[Records for this exercise]
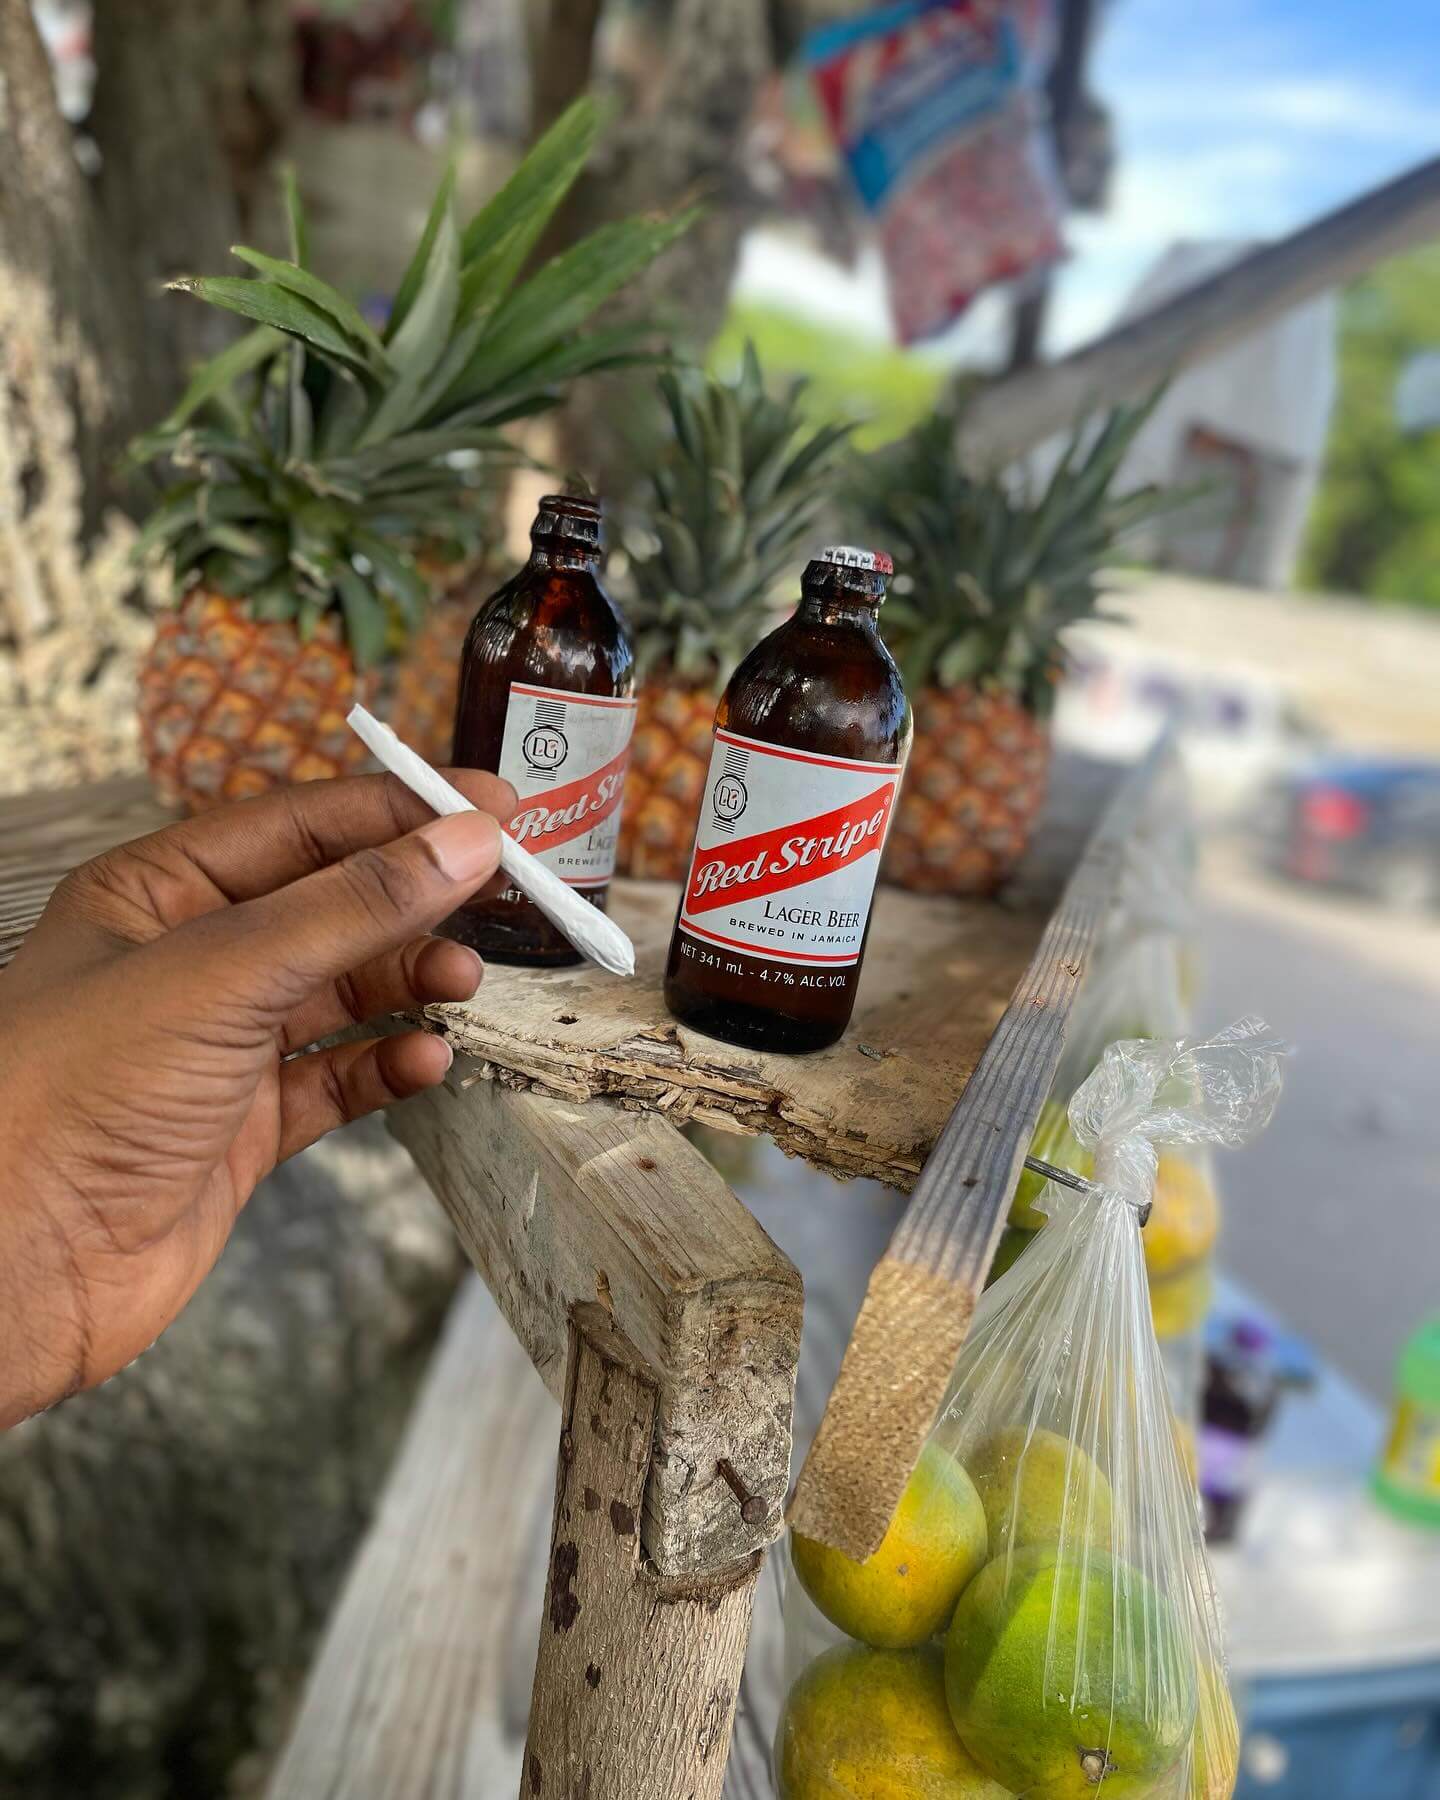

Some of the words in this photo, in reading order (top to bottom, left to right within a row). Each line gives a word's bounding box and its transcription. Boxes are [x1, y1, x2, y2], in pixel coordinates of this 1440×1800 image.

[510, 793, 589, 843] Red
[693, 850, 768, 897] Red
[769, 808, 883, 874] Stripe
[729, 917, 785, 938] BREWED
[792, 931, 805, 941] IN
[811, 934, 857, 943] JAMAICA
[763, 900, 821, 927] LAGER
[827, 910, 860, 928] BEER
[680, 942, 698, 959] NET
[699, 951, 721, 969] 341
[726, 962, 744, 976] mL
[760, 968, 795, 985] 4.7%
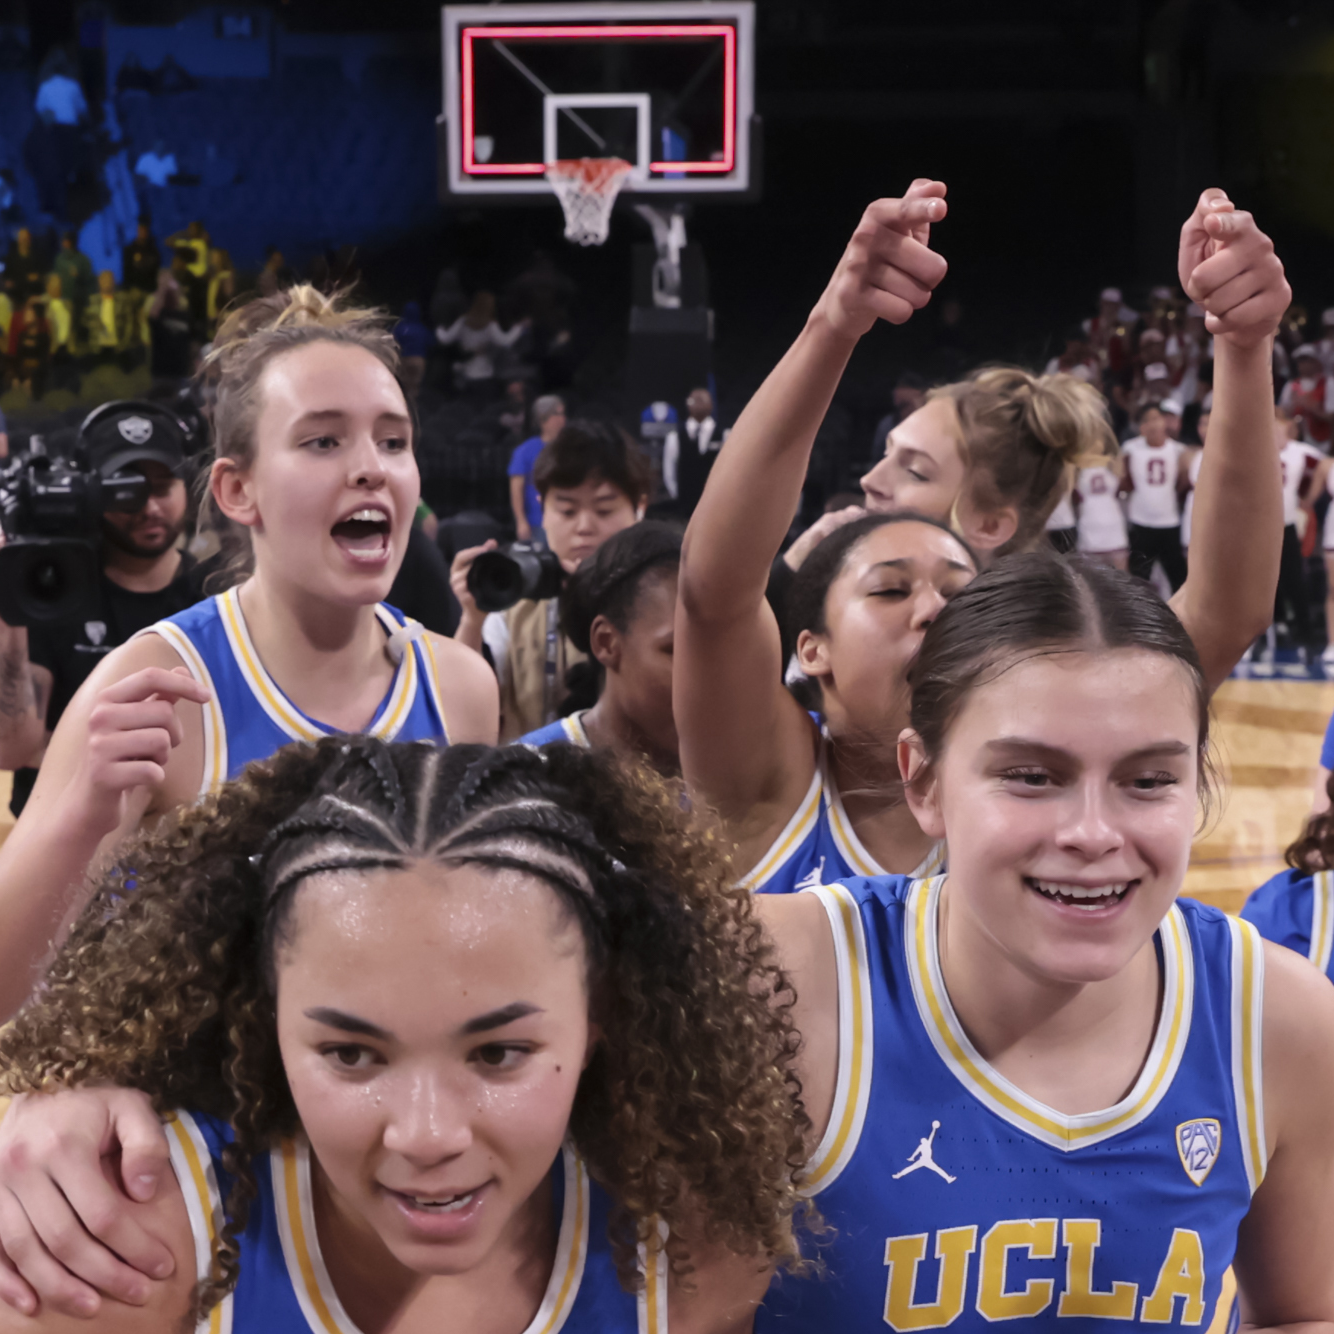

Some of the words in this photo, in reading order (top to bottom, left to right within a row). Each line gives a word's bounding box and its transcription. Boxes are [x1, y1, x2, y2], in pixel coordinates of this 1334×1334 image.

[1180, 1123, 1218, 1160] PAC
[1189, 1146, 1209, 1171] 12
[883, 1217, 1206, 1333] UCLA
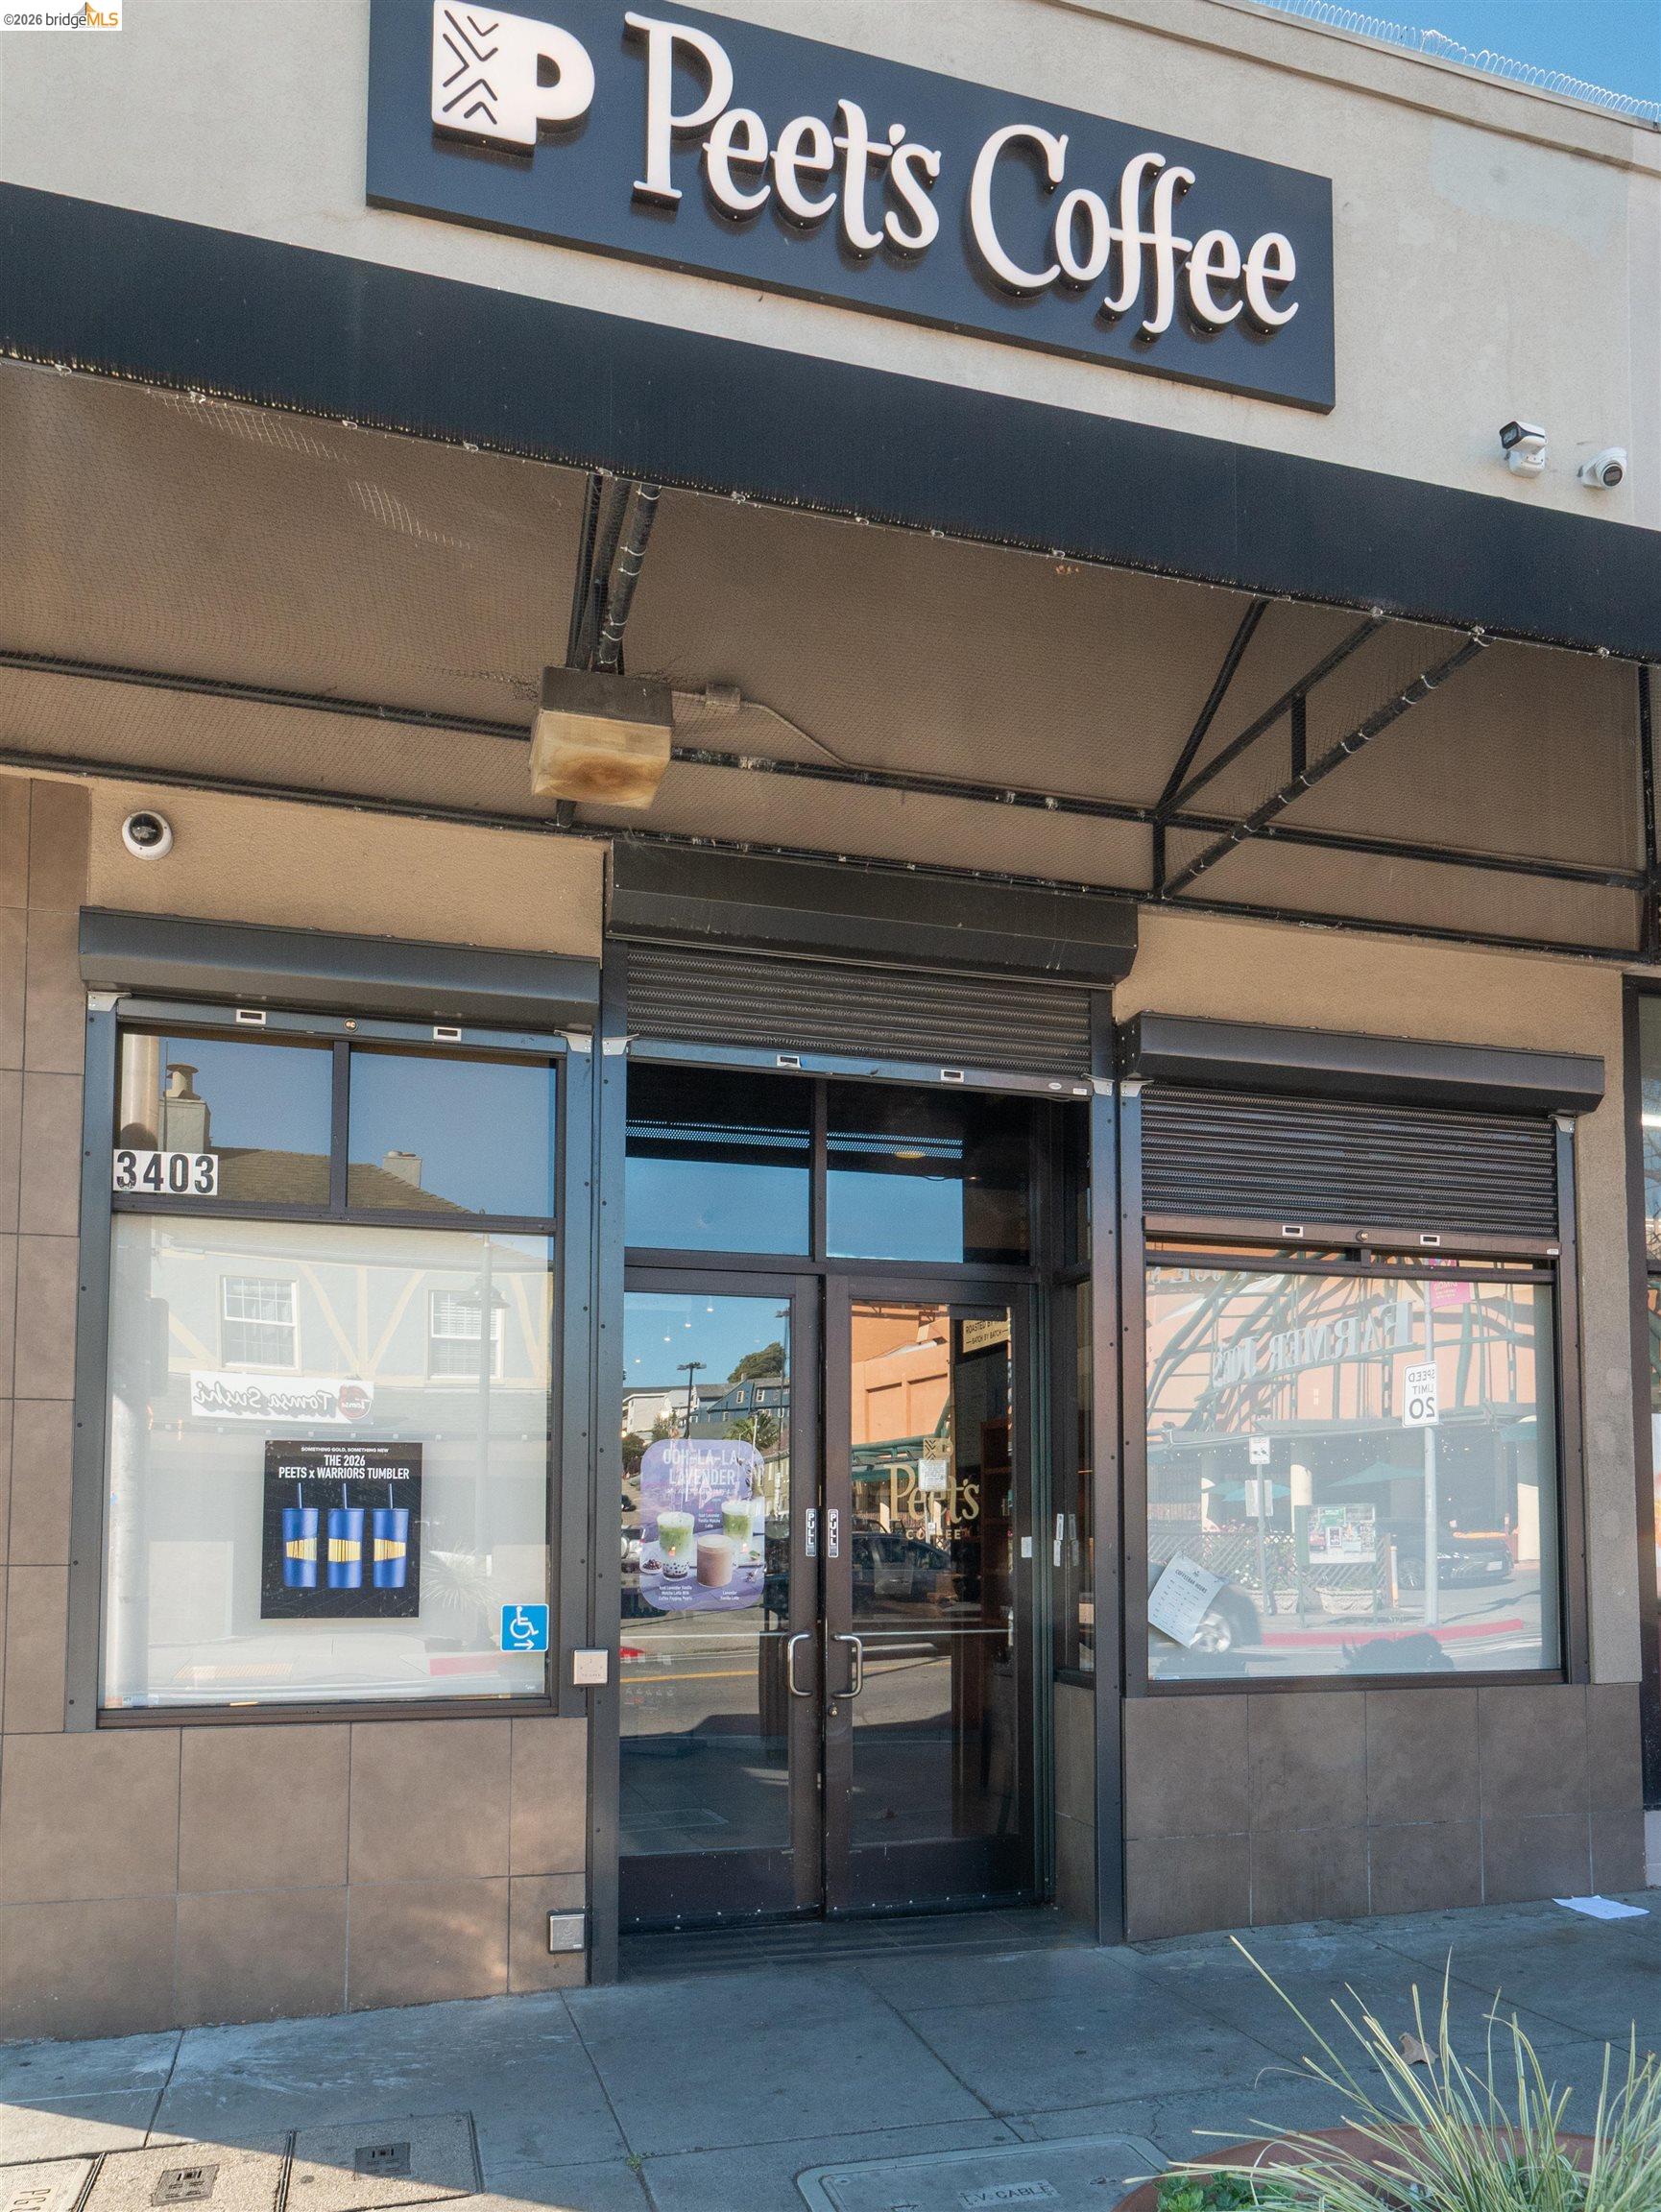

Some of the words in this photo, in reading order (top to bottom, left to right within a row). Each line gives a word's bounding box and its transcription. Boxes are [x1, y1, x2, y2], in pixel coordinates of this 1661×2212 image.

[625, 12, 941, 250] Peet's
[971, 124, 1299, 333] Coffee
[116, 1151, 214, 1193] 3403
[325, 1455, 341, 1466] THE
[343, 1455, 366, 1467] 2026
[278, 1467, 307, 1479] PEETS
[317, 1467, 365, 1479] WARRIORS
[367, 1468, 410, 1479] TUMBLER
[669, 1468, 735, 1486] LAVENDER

[Problem description]
Write out the material exactly as it stands, omitting every picture.

[Expected answer]
Some of the words in this photo, in reading order (top to bottom, left to right within a row). Each line gives a word's bounding box and its transcription. Boxes are [x1, y1, x2, y2], in pixel coordinates of this 1440×1800 image.

[510, 793, 589, 843] Red
[693, 850, 768, 897] Red
[769, 808, 883, 874] Stripe
[729, 917, 785, 938] BREWED
[792, 931, 805, 941] IN
[811, 934, 857, 943] JAMAICA
[763, 900, 821, 927] LAGER
[827, 910, 860, 928] BEER
[680, 942, 698, 959] NET
[699, 951, 721, 969] 341
[726, 962, 744, 976] mL
[760, 968, 795, 985] 4.7%

Some of the words in this photo, in reading order (top to bottom, left to right within a row). Each line gives a word's bounding box and its transcription. Boxes are [x1, y1, x2, y2], in pixel coordinates of this 1334×1334 image.

[1180, 1123, 1218, 1160] PAC
[1189, 1146, 1209, 1171] 12
[883, 1217, 1206, 1333] UCLA

Some of the words in this photo, in reading order (top to bottom, left to right within a row). Each line gives a word's bounding box and its transcription. Boxes are [x1, y1, x2, y2], in pixel coordinates of this 1661×2212 image.

[625, 12, 941, 250] Peet's
[971, 124, 1299, 333] Coffee
[116, 1151, 214, 1193] 3403
[325, 1455, 341, 1466] THE
[343, 1455, 366, 1467] 2026
[278, 1467, 307, 1479] PEETS
[317, 1467, 365, 1479] WARRIORS
[367, 1468, 410, 1479] TUMBLER
[669, 1468, 735, 1486] LAVENDER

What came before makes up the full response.